La sécurité, valeur de gauche ?
Sans trop de surprise, il n’y a pas vraiment de changement langagier lorsqu’on aborde le domaine de la sécurité. De même, les hommes à la nuque raide et à la mâchoire carrée chargés de défendre nos libertés fondamentales menacées par les hordes étrangères sont toujours disponibles dans les rangs du PS. Ainsi, le bon socialiste François Hollande protège son flanc droit par un Manuel Valls qui tient à faire savoir à tous les échos qu’il sera impitoyable avec les déviants de l’ordre public. Ce citoyen, Français à l’excès, comme peut l’être Nicolas Sarkozy, a repris le refrain de Lionel Jospin et de Jean-Pierre Chevènement : « La sécurité est une valeur de gauche ! » Sans doute pour nous faire croire que la droite, de retour au pouvoir, pourrait être la porte ouverte à une certaine forme d’anarchie.
Droit dans ses bottes, Manuel Valls n’a pas tardé à réparer les dégâts causés par la RGPP (Révision générale des politiques publiques), qui avait pour objet de ne pas remplacer un fonctionnaire sur deux partant à la retraite – mesure sarkozyenne frappant également les forces de l’ordre. Impossible de continuer à faire des économies budgétaires dans ce domaine, estimait immédiatement le nouveau premier flic de France. C’est pourquoi, depuis dix-huit mois, on recrute à nouveau, et les écoles de police commencent à refuser du monde. Socialiste ou pas, l’état se doit d’être respecté et il faut des uniformes bleus dans les rues de nos villes, dans les banlieues « sensibles » particulièrement.

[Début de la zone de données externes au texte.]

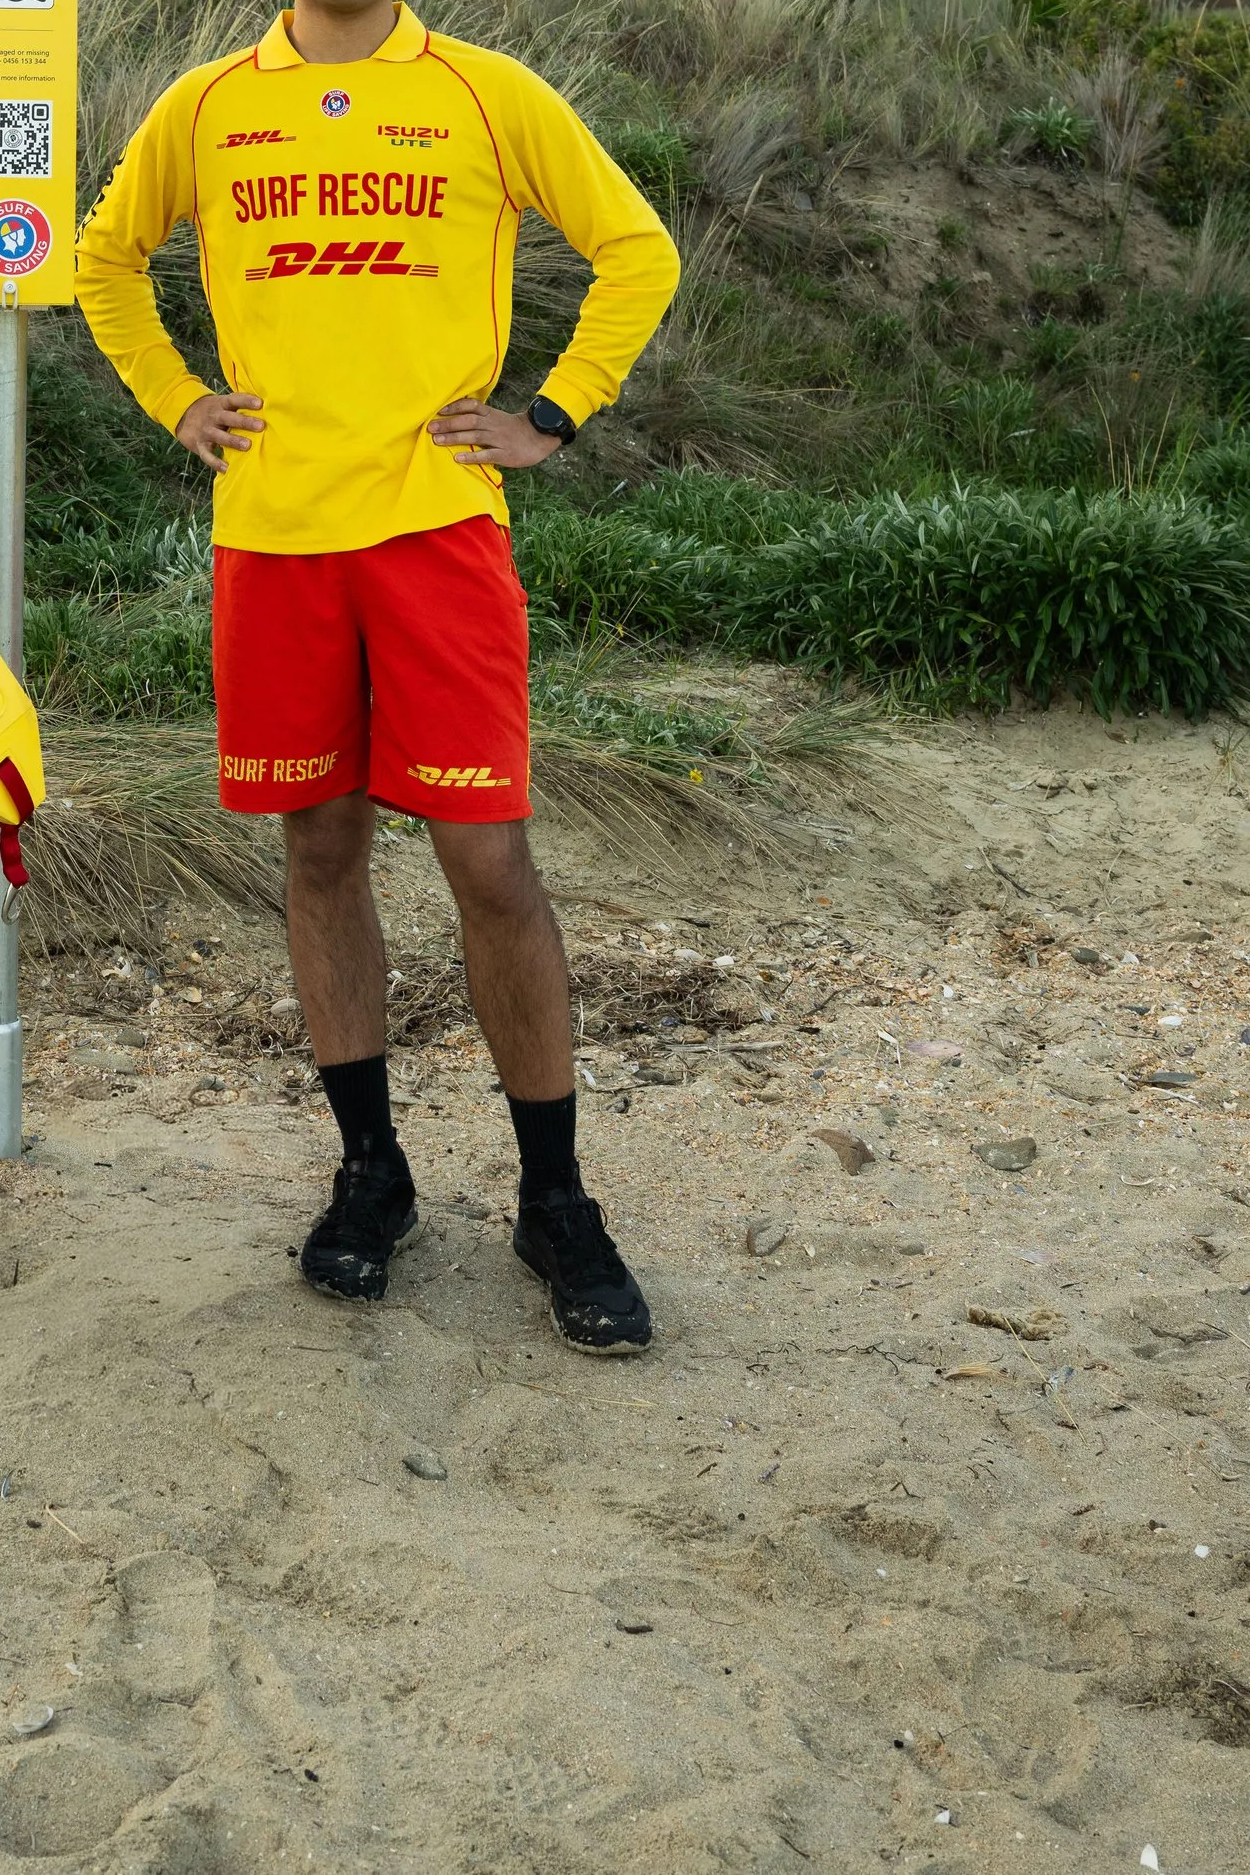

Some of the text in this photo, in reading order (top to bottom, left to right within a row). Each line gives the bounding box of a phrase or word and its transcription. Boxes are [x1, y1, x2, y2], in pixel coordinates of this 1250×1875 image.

[26, 49, 50, 57] missing
[18, 74, 56, 82] information
[225, 129, 287, 148] DHL
[377, 125, 449, 139] ISUZU
[391, 138, 433, 148] UTE
[232, 172, 448, 223] SURF RESCUE
[4, 240, 48, 273] SAVING
[266, 241, 413, 279] DHL
[224, 750, 339, 783] SURF RESCUE
[415, 763, 502, 788] DHL

Il n’en reste pas moins que, comme son prédécesseur, Manuel Valls ne néglige aucune possibilité pour maintenir l’ordre. Y compris en s’appuyant, si nécessaire, sur le secteur des sociétés privées de sécurité, qui comptent quelque 200 000 salariés. Peu importe que nombre de ceux-là soient recrutés dans les bas-fonds de la société : ils sont là pour faire peur. Le Monde, daté du 1er octobre 2013, nous rappelle ce constat du ministre de l’Intérieur socialiste, grand admirateur de Georges Clemenceau : « Il s’agit d’un levier considérable d’action sur lequel on peut jouer, sans verser dans la confusion des genres, ni la dilution du service public. »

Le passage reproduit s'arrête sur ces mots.